Select to view content in your preferred language

Extract the largest Number from a String

2048
4
06-18-2020 09:08 AM
NataliaGutierrez1
Regular Contributor

Hello,

I am trying to extract the largest number from a string. 

More details:

I have a feature class with a text field. Each feature has a string like this: "3, 5, 3.9, 2.5 FAR Values" and I need to extract the higher number and put it in a new field. From that string I would need number 5.

There are some features that have Null values and some with just text and no numbers.

I wrote the following script using a python function from the internet but I am not sure how to apply it in Arcpy.

import arcpy

# find largest number in a string

arcpy.env.workspace = r"D:\APRX_MXDS\USA_App_Project\usa_parcels_with_FARField.gdb"
arcpy.env.overwriteOutput = True

fc = "temp"

with arcpy.da.UpdateCursor(fc, "FAR_INTEGER") as cursor: # Loop through each feature
    for row in cursor:
        ls = list()
        for w in row[0].split():
            try:
                ls.append(int(w))
            except:
                pass
            try:
                return max(ls)
            except:
                return None
Tags (1)
0 Kudos
4 Replies
JoshuaBixby
MVP Esteemed Contributor

For extracting numbers from text, you are going to want to use regular expressions instead of Python string split, unless your text strings are highly structured and simple.  I would just err on the side of using re — Regular expression operations — Python 3.8.3 documentation .

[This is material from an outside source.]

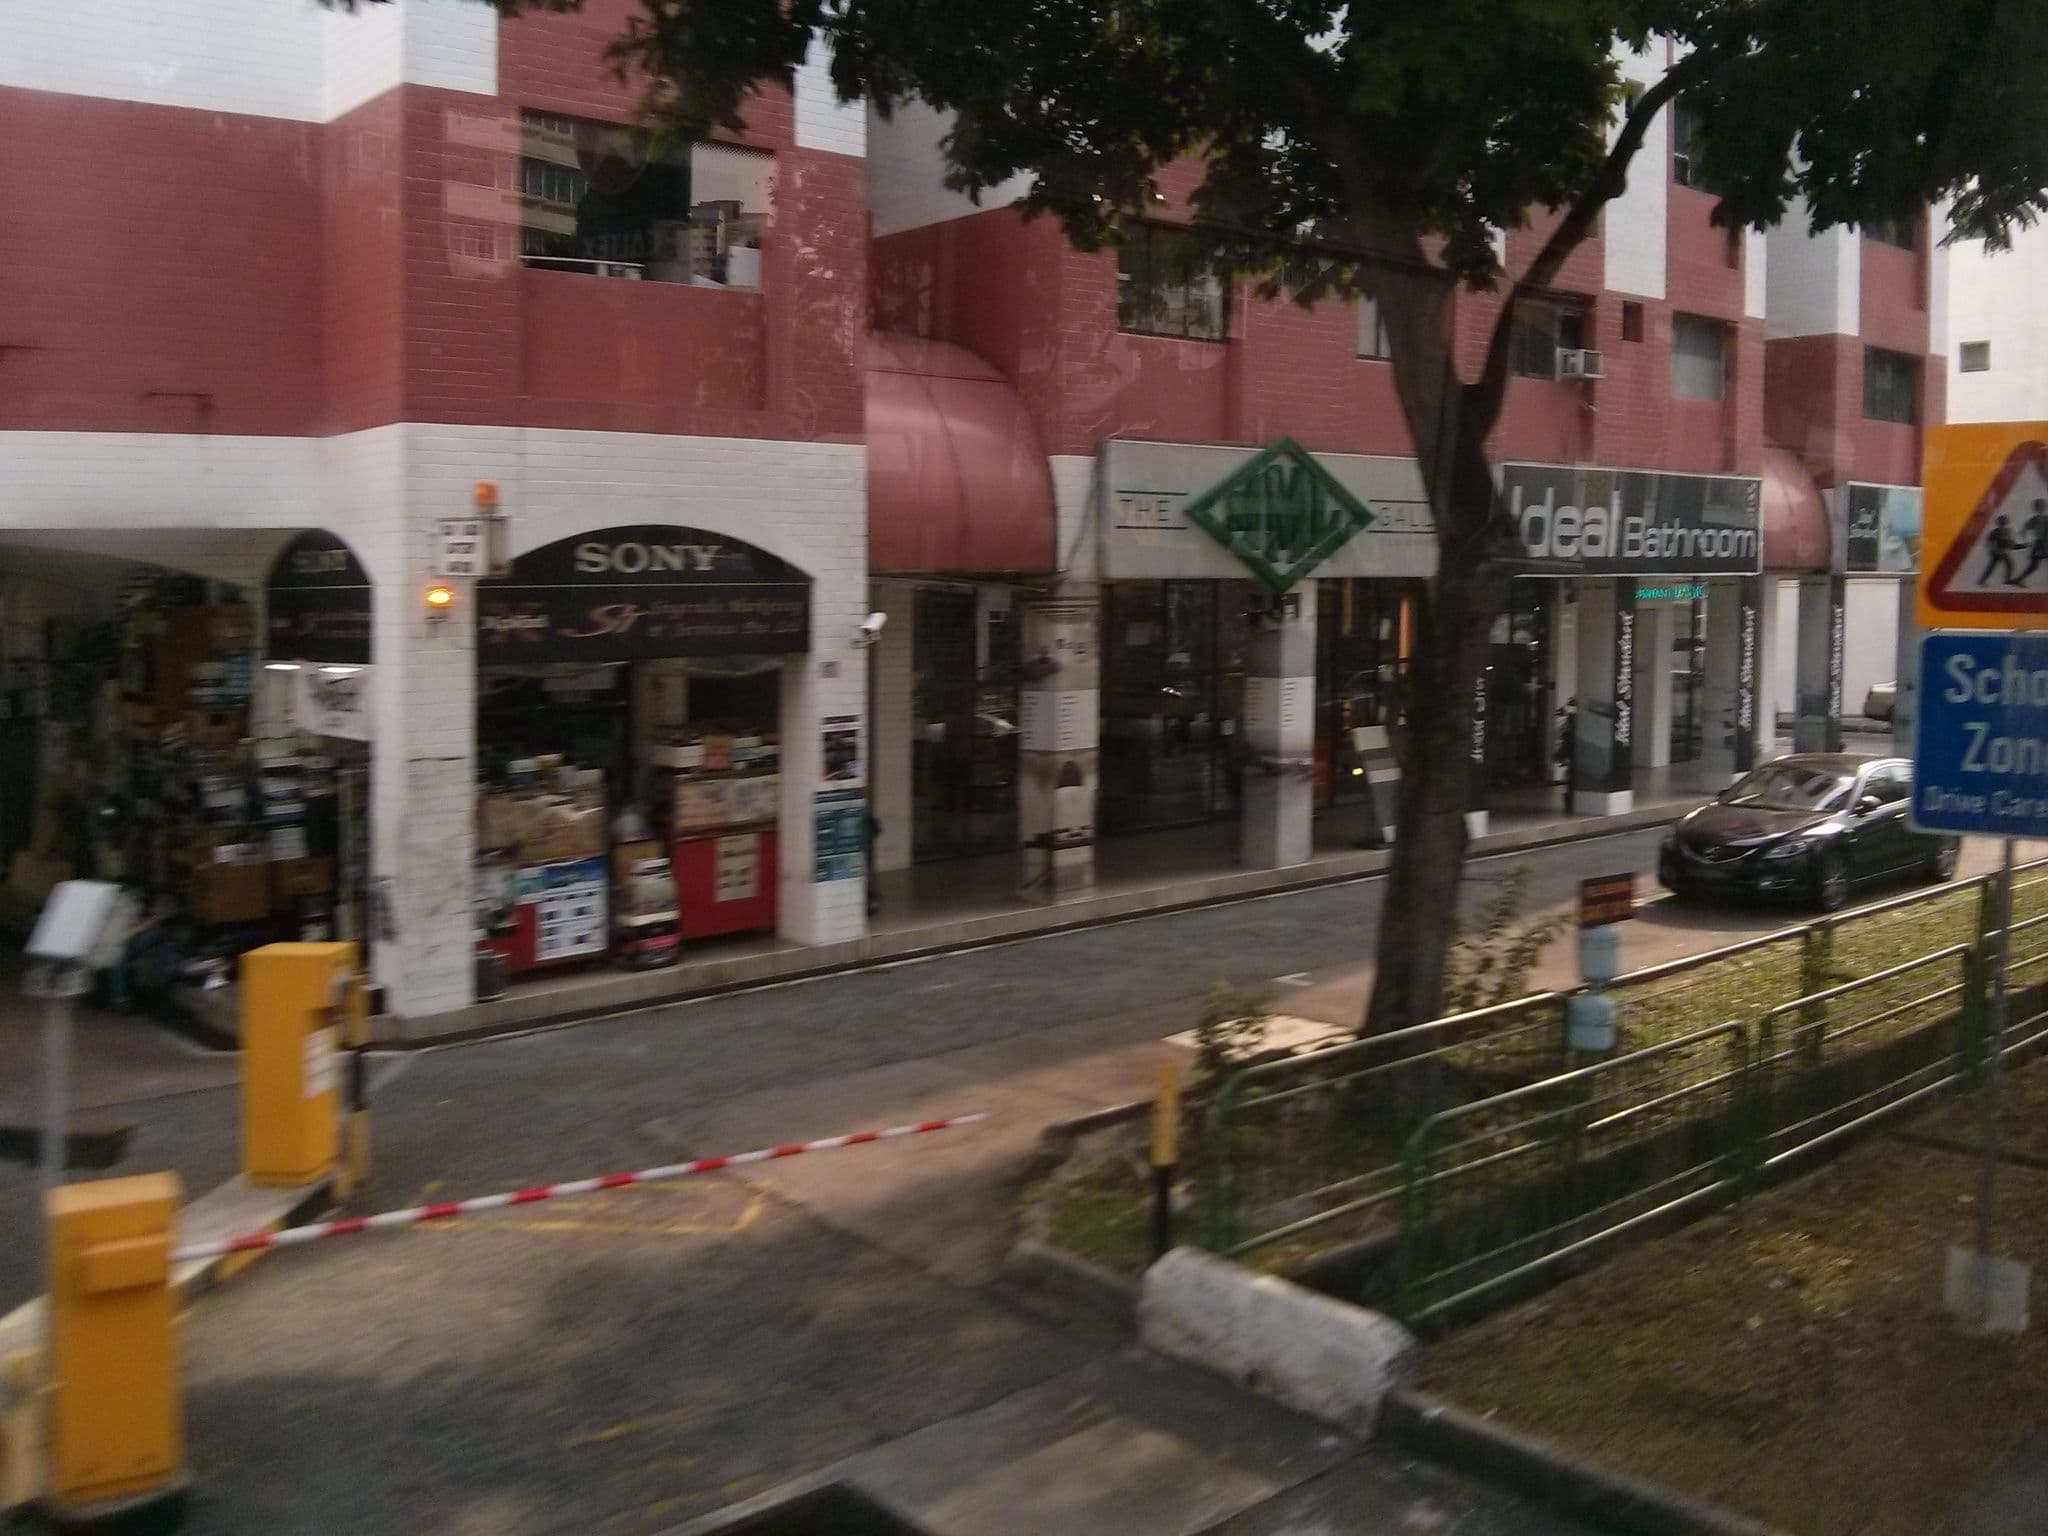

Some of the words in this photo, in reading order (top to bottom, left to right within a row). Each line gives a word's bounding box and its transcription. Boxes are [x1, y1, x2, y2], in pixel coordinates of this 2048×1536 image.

Assuming you created a new field "MAX_VALUE" to hold the maximum value, the following code should work for you:

import arcpy
import re

# find largest number in a string

arcpy.env.workspace = r"D:\APRX_MXDS\USA_App_Project\usa_parcels_with_FARField.gdb"
arcpy.env.overwriteOutput = True

fc = "temp"

with arcpy.da.UpdateCursor(fc, ["FAR_INTEGER", "MAX_VALUE"]) as cursor: # Loop through each feature
    for row in cursor:
        if row[0] is None:  continue
        nbrs = [float(i) for i in re.findall('(\d\.?\d*|\.\d*)', row[0])]
        if nbrs:
            row[1] = max(nbrs)
        cursor.updateRow(row)‍‍‍‍‍‍‍‍‍‍‍‍‍‍‍‍‍‍‍‍‍‍‍‍‍‍‍‍‍‍‍‍‍‍‍‍‍‍‍‍‍‍‍‍‍‍‍‍‍‍‍‍‍‍‍‍‍‍‍‍‍‍‍‍‍‍‍‍‍‍‍‍‍‍‍‍‍‍‍‍‍‍‍‍‍‍‍‍‍‍‍‍‍‍‍‍‍‍‍‍‍‍‍‍‍‍‍‍‍‍‍‍‍‍‍‍‍‍‍‍‍‍‍‍‍‍‍‍‍‍

UPDATE:  Made a change to code to account for strings that don't have any numbers.

WillHouston
Regular Contributor

Trying testing your regex:
"3, 5, 3.9, 12.5 FAR Values"

"3, 5, 3.9, 2.5 FAR Values."

 

This is a good case for using regex and a much better solution than the one I provided, but using regex does not mean you shouldn't check for exceptions in type conversions:

import arcpy
import re

# find largest number in a string

arcpy.env.workspace = r"D:\APRX_MXDS\USA_App_Project\usa_parcels_with_FARField.gdb"
arcpy.env.overwriteOutput = True

fc = "temp"

with arcpy.da.UpdateCursor(fc, ["FAR_INTEGER", "MAX_VALUE"]) as cursor: # Loop through each feature
    for row in cursor:
        if row[0] is None:  continue
        nbrs = []
        for i in re.findall('(\d+\.?\d*|\d*\.\d+)', row[0]):
            try:
                nbrs.append(float(i))
            except:
                pass
        if nbrs:
            row[1] = max(nbrs)
            cursor.updateRow(row)‍‍‍‍‍‍‍‍‍‍‍‍‍‍‍‍‍‍‍‍‍‍‍‍‍‍‍‍‍‍‍‍‍‍‍‍‍‍‍ # if FAR_INTEGER contained no numbers, no need to update

That's a slightly improved regex, but I still wouldn't trust it to pass up every erroneous input. You could make an argument to wrap the list assignment in the try statement. But if the regex matches one erroneous input mixed in with some valid inputs, you would get no max value.

WillHouston
Regular Contributor

First, there are a number of problems your code:

  • I usually pass the full path to the feature class of a file gdb to UpdateCursor, instead of setting the workspace and passing only the table name. Your method might work, though.
  • I believe the second parameter of UpdateCursor requires an array (["FAR_INTEGER"] instead of just "FAR_INTEGER").
  • split() only splits strings on whitespace (spaces, tabs, newlines), so you should remove commas row[0].replace(',', '').split().
  • integer conversion will probably panic if it sees a number with a decimal (e.g. 3.9), so use float conversion instead (float(w)
  • return statements end execution and return that value to the caller. If you want to store the max value, you could put it in a field on that feature class. Then your UpdateCursor call could be UpdateCursor(fc, ["FAR_INTEGER", "max_value"]) and you could use updateRow(row) to store that value.
  • Python indentation separates blocks of code, so both those try statements would be called for every word in every string in every row of the table (if that second try statement didn't guarantee a return which ends execution).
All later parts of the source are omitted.